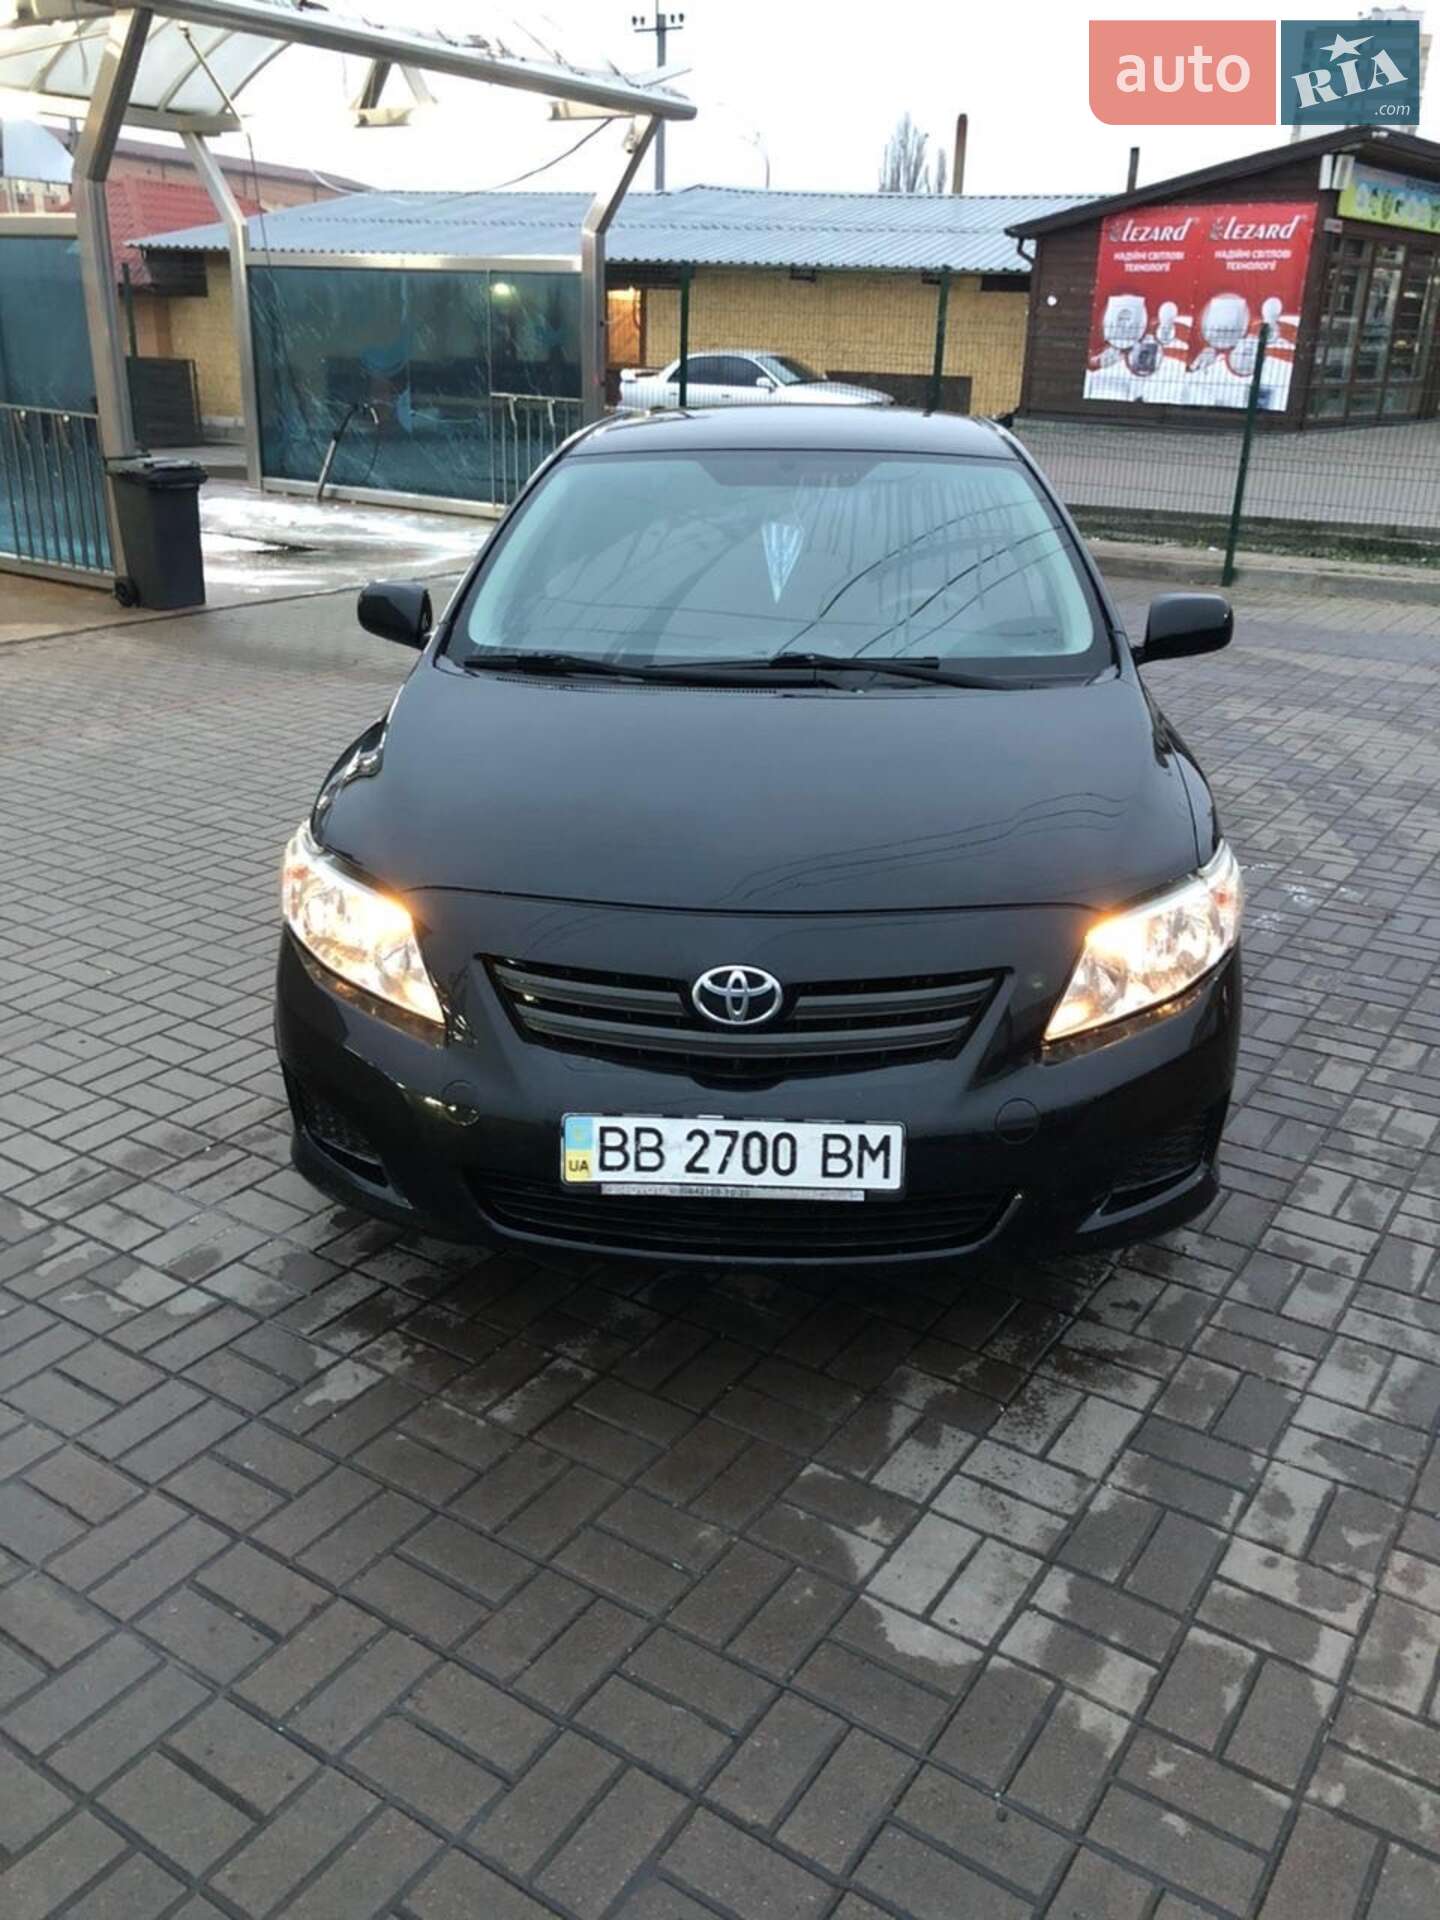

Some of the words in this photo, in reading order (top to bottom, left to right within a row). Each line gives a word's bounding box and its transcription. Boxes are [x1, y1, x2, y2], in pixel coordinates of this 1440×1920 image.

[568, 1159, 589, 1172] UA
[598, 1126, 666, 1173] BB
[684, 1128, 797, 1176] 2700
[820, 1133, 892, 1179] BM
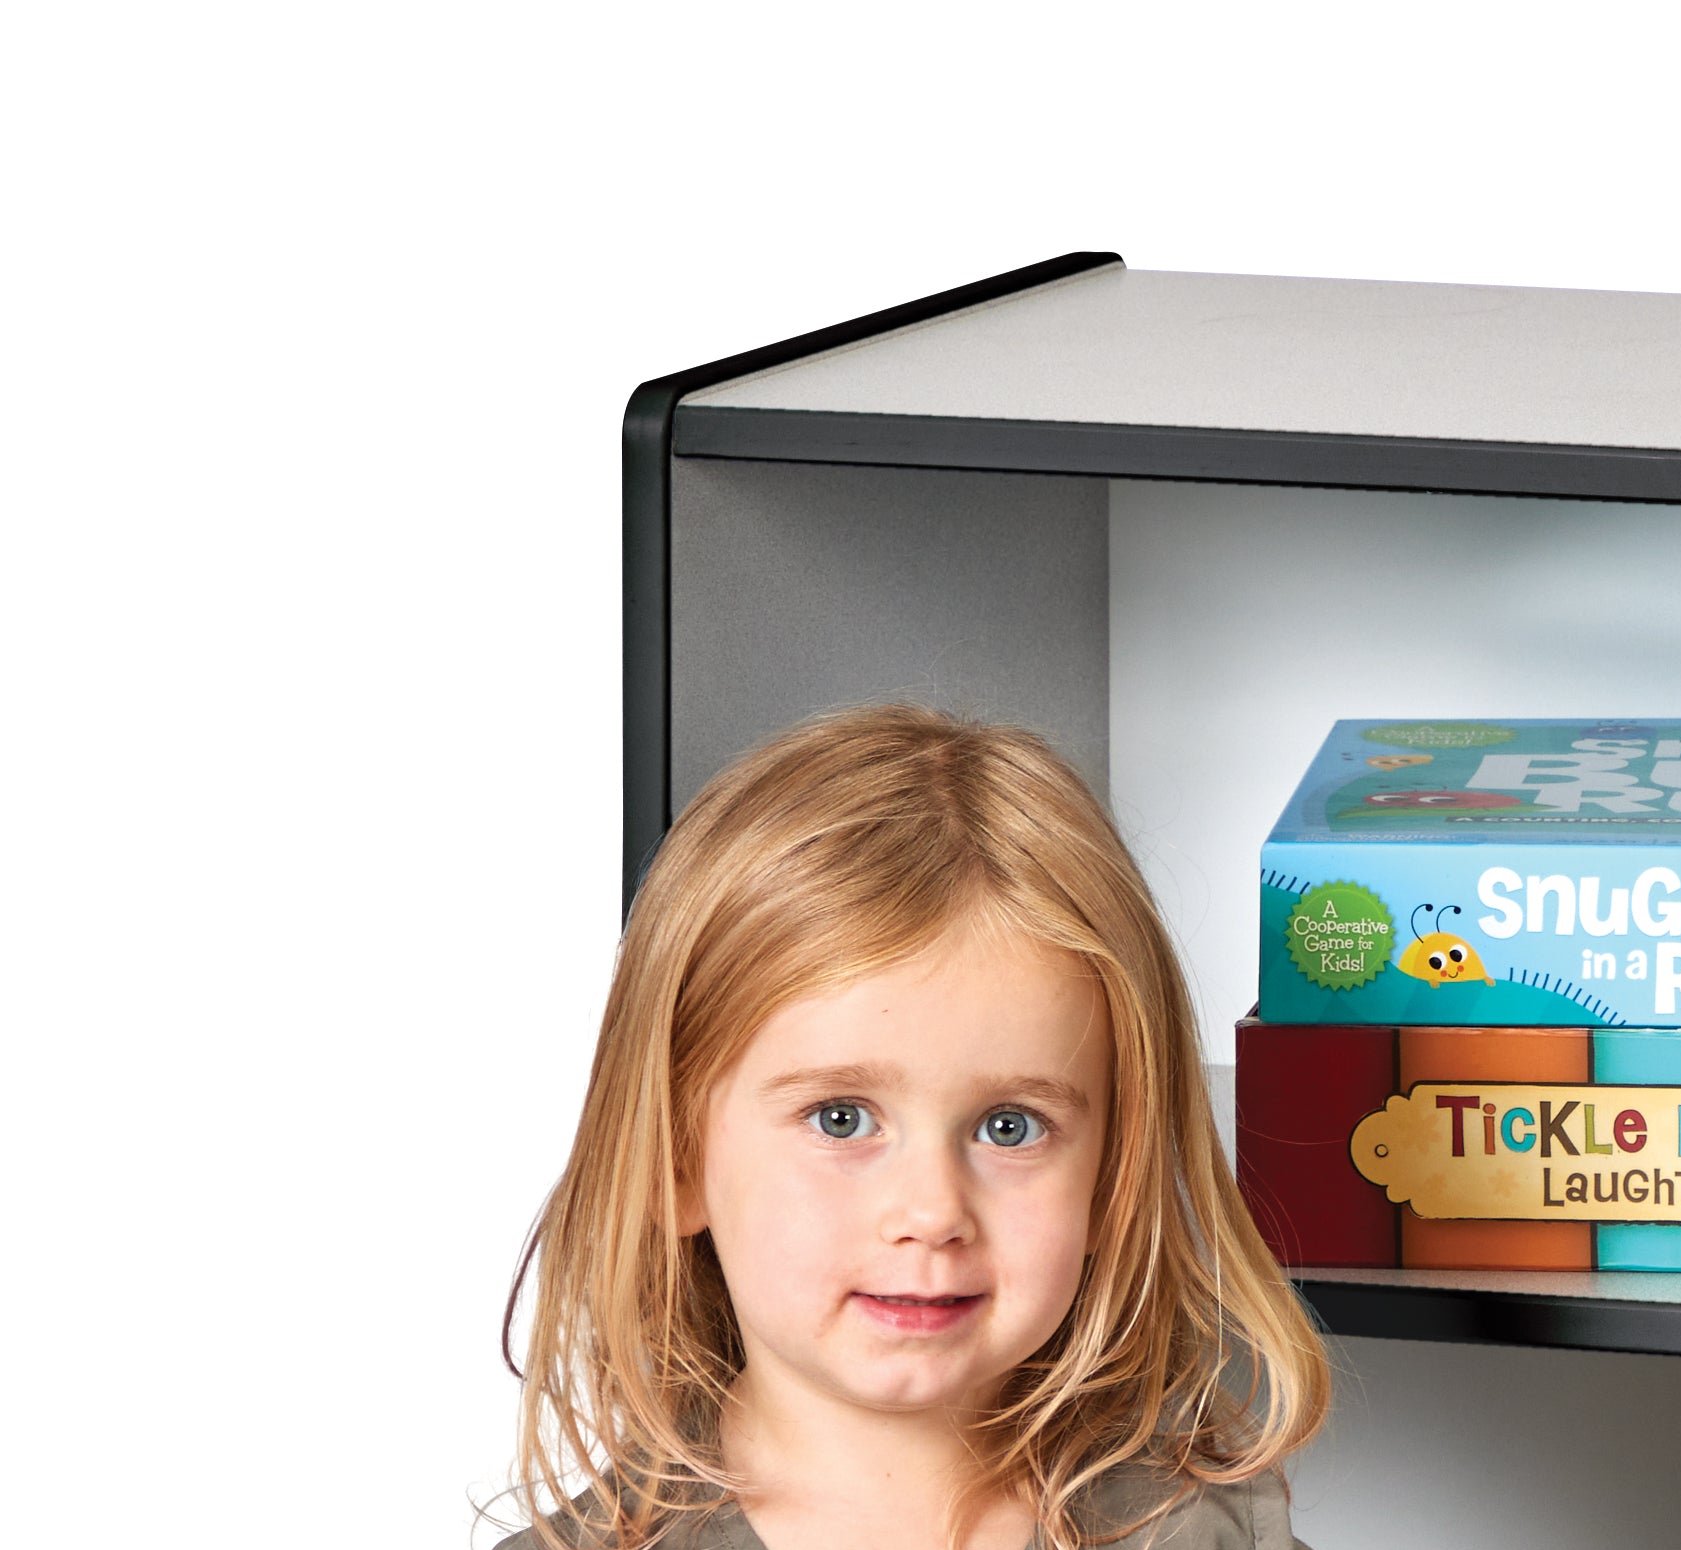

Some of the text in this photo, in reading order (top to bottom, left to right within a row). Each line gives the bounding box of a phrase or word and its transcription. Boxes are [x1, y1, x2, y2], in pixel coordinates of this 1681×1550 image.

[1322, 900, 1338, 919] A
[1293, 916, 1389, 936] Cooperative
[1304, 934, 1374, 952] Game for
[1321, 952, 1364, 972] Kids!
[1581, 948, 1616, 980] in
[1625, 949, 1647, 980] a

> _DIRECTIONS FOR THIS TASK_: Restate the material above exactly. Exclude all pictures.

> _THE ANSWER_:
Some of the words in this photo, in reading order (top to bottom, left to right within a row). Each line gives a word's bounding box and its transcription. Boxes are [x1, y1, x2, y2], in pixel coordinates of this 1440×1920 image.

[568, 1159, 589, 1172] UA
[598, 1126, 666, 1173] BB
[684, 1128, 797, 1176] 2700
[820, 1133, 892, 1179] BM

Some of the text in this photo, in reading order (top to bottom, left to right within a row). Each line gives the bounding box of a phrase or word and its transcription. Boxes are [x1, y1, x2, y2], in pixel coordinates of this 1681×1550 image.

[1322, 900, 1338, 919] A
[1293, 916, 1389, 936] Cooperative
[1304, 934, 1374, 952] Game for
[1321, 952, 1364, 972] Kids!
[1581, 948, 1616, 980] in
[1625, 949, 1647, 980] a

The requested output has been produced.